曳き山の山車と舁き山の太鼓台との大きく異なる点は、曳き山が引くという形式であるのに対して、舁き山は神輿と同様に担いて運行されることである。担ぐことによって足場状態の影響を受けにくいという面があり、段差や階段等の高低差のある場所や山間部等の坂路の多い地域においても比較的容易に運行することができる。
神前や観衆への見せ場(交差点等の広くなった場所)において最も多く行われる練りは、太鼓台を頭上高く持ち上げて舁く「差し上げ」である。その他にも、放り上げる、大きく揺らす、回転させる、土台(台輪)部分のみで担ぐ、複数で練り競う(かきくらべ)、どちらが早く差し上げられるかを競う、等といった動作で練るところがある。これはその地方の伝統が反映された特徴によるもので、その土地の祭礼ごとに異なる。
太鼓台の様式や外観にその地域の土地柄や文化を反映した伝統的な形態を残す地域もあるが、地域経済の発展や氏子主導の祭りへの変化から祭りにイベントとしての要素が強まった地域が増加、見せる祭りとして大型化した太鼓台や飾り幕・刺繍等による豪華な装飾を施したもの、流行の主流となりつつある形態に変更したものが多く見られるようになった。珍しい例であるが地方によってはその地方特有に個別の変化をして太鼓台そのものの外観がすっかり変わってしまったところもある(愛媛県西条市の御輿が顕著な例)。
ふとん太鼓(ふとんだいこ)は大阪府、兵庫県などで担がれる太鼓台のことである。飾り山車の一種であり、形状的な最大の特徴は、正方形の巨大な布団を屋根にあたる部分に逆ピラミッド型に積む点にある。
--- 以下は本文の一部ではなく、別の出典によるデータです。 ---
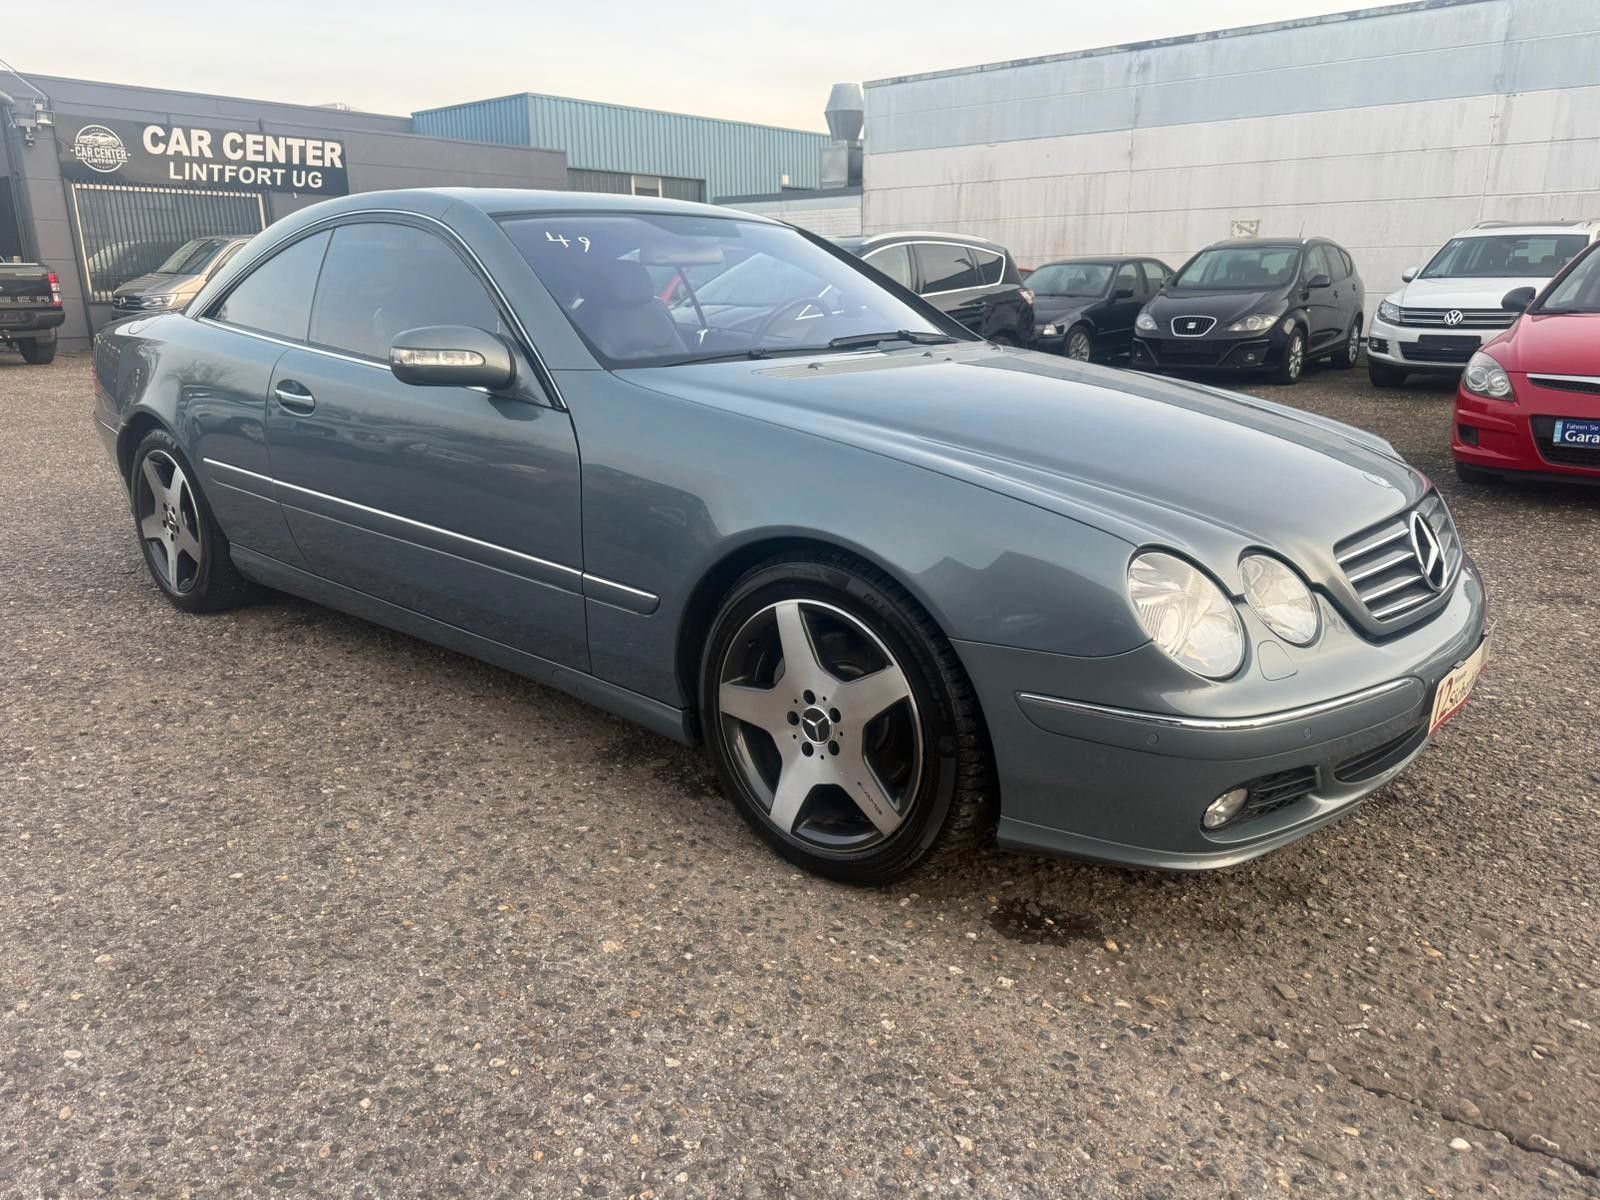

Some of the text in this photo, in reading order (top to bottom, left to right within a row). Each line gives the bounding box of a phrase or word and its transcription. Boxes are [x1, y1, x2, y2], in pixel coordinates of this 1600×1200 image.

布団だんじり、布団神輿、布団屋台などとも呼ばれる。 ふとん太鼓を参照
布団(重)を7段重ねした「七重」、担ぎ棒の上に「掛布団」と呼ばれる豪華な布団を2枚(主に豊浜・大野原)・4枚(主に琴弾八幡宮)乗せており、200以上の部品で構成されている。 総重量2t超、大きなところでは3tを越え、高さは5メートル~5.2メートル位あり、担ぎ棒の長さが13~14メートルで4本ある。 2~3日間練り歩き、本祭りの日には午前7~8時に動き始め、 夜遅くまで練り歩き夜は提灯、近年では投光器や派手な電飾でライトアップされる。
交差点、広場、神前などの見せ場で太鼓台を頭上高く手で持ち上げる、放り上げる、大きく揺らす、回転などによる奉納が行われる。これらのことを、「差し上げ」・「かきくらべ」・「中狂い」という。
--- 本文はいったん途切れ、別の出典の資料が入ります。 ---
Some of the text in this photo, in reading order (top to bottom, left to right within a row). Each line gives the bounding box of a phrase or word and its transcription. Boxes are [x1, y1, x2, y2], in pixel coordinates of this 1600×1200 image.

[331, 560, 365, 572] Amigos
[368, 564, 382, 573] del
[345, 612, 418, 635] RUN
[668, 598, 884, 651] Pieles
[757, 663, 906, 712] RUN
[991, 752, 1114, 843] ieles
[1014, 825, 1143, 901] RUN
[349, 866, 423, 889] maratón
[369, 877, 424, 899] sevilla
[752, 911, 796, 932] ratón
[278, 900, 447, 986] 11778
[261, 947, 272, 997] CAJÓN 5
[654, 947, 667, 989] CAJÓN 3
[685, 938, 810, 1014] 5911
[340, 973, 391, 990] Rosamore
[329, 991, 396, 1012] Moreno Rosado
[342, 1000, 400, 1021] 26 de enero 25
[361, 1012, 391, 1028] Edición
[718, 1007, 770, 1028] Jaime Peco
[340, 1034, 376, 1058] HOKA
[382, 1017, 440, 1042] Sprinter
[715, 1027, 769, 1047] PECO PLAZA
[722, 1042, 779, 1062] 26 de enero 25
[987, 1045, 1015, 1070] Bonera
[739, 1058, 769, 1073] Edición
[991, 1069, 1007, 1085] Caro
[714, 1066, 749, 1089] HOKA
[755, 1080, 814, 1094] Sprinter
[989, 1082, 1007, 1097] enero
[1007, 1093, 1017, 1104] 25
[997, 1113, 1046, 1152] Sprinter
神輿屋根型屋台は神輿と同様に宝形造りの屋根を持つものである。この型の太鼓台は播磨地域以外の太鼓台とは趣を異にしており、播州地域の太鼓台の特徴の一つと言える。総じて呼称は「屋台」や「やっさ」であり、装飾や運行形態によって中播方面(灘型神輿屋根屋台)と西播方面(魚吹型神輿屋根屋台)とで2種類に分けられるが、新調等の事情で手放された屋台を別の地域で使用することもあるため、地域によってはこれらの屋台が混ざった祭りもある。また、正八幡神社秋祭りのようにふとん太鼓と神輿屋根屋台が同じ地域の祭りに参加することもあり、これらは姫路市北部(旧神南町地域)や神崎郡福崎町といった中播磨北部で行われている。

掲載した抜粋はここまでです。